# [AVAILABLE RECORDS]
++++++

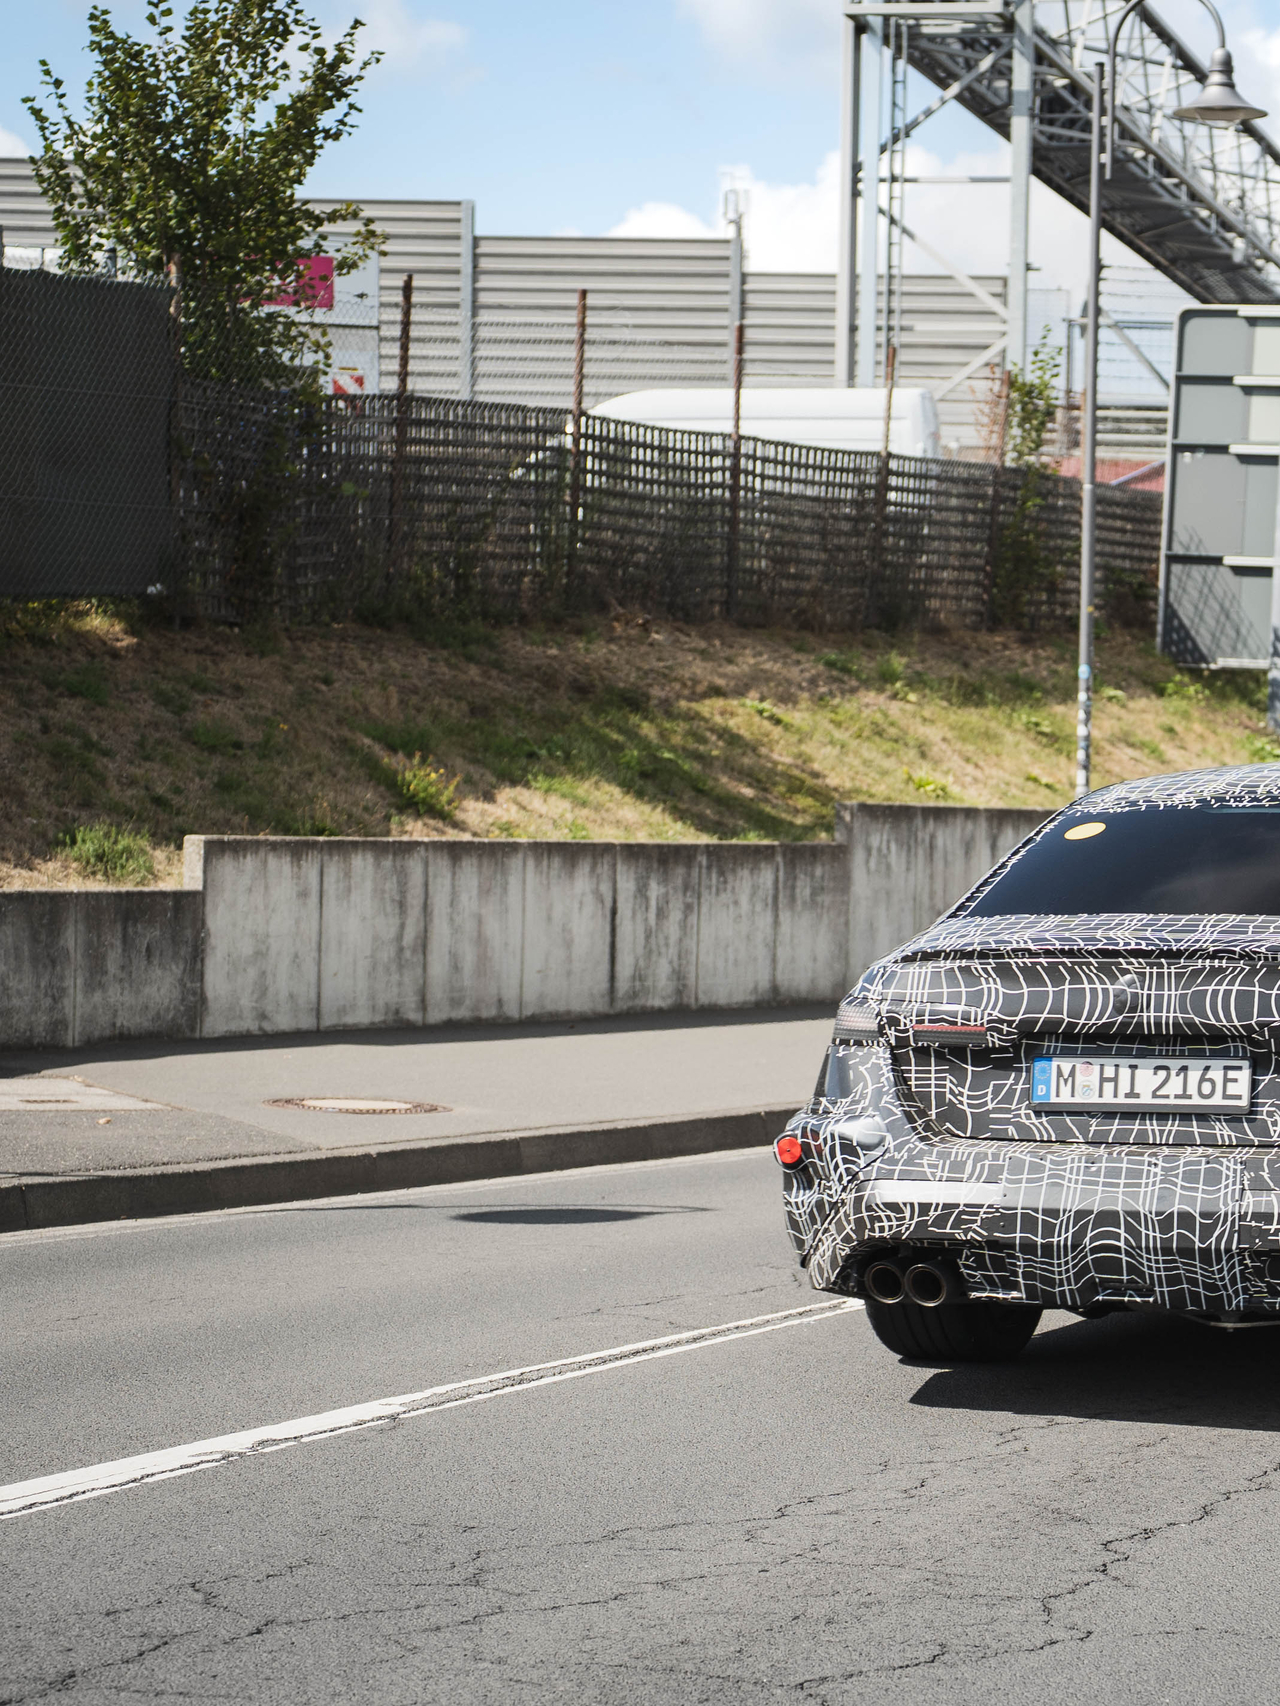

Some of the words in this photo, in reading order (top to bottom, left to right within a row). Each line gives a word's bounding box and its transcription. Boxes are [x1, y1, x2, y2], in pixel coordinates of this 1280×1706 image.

[1037, 1084, 1047, 1096] D
[1056, 1063, 1077, 1098] M
[1098, 1063, 1141, 1099] HI
[1151, 1064, 1244, 1101] 216E
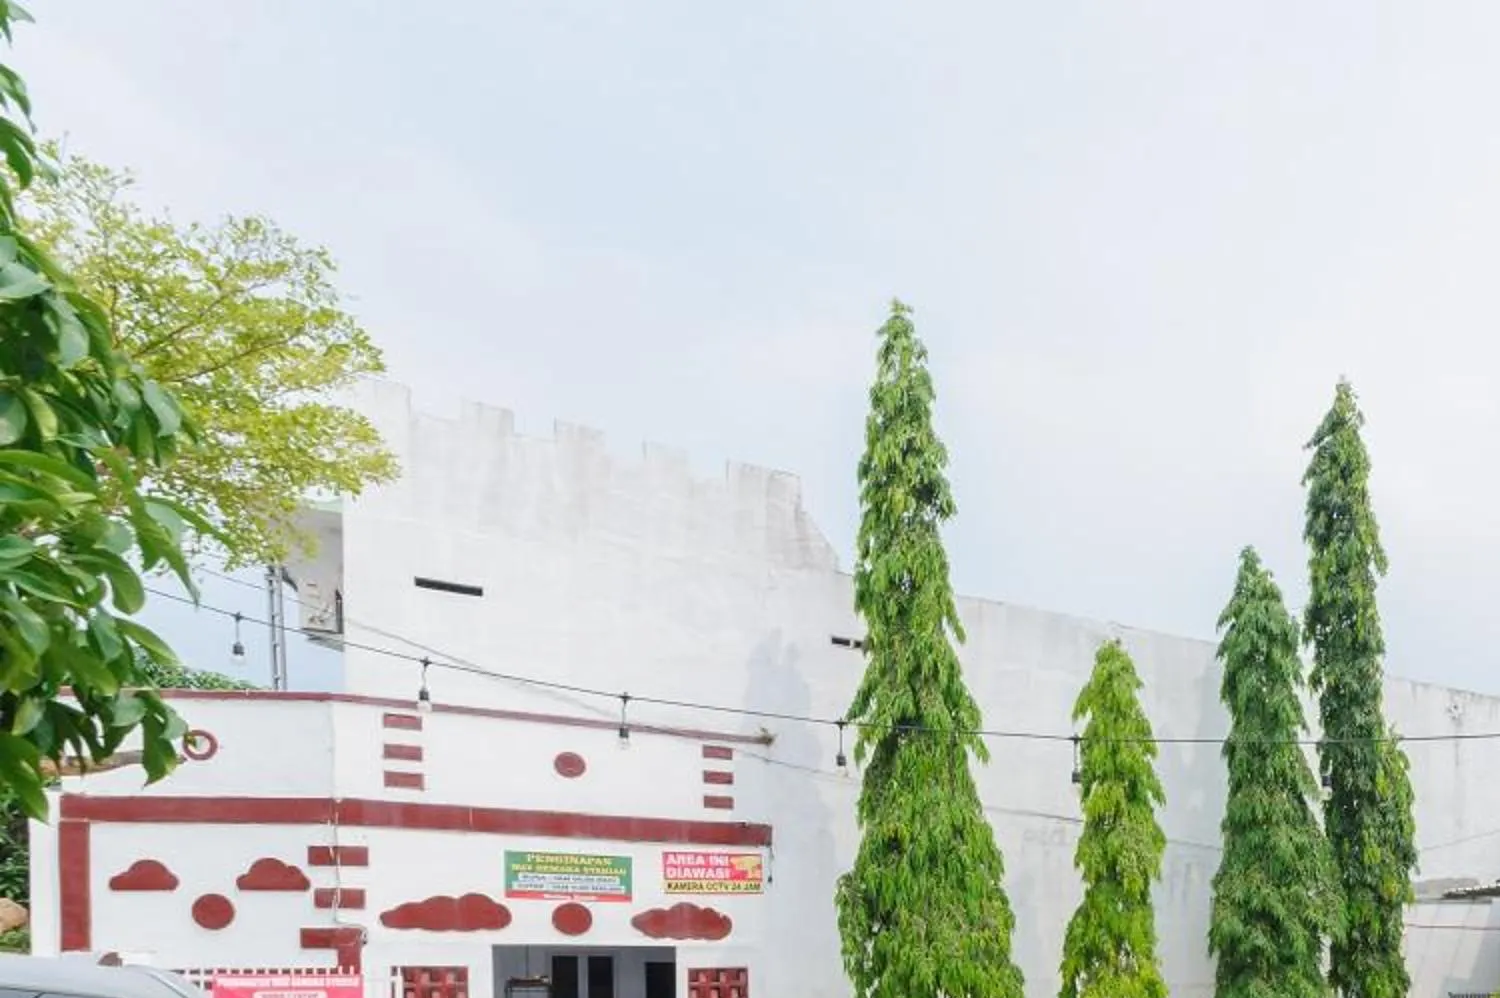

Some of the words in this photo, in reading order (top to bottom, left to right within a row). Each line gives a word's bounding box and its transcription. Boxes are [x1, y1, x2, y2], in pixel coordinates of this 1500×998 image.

[666, 853, 705, 866] AREA
[709, 854, 729, 867] INI
[666, 866, 730, 879] DIAWASI
[667, 881, 703, 891] KAMERA

++++++

# [PROBLEM TO SOLVE]
Each line from the one with "this 1500×998 image." through the end of the entries above is to be returned word for word. Nothing else belongs in the answer.

# [TASK RESULT]
Some of the words in this photo, in reading order (top to bottom, left to right within a row). Each line gives a word's bounding box and its transcription. Boxes are [x1, y1, x2, y2], in pixel coordinates of this 1500×998 image.

[666, 853, 705, 866] AREA
[709, 854, 729, 867] INI
[666, 866, 730, 879] DIAWASI
[667, 881, 703, 891] KAMERA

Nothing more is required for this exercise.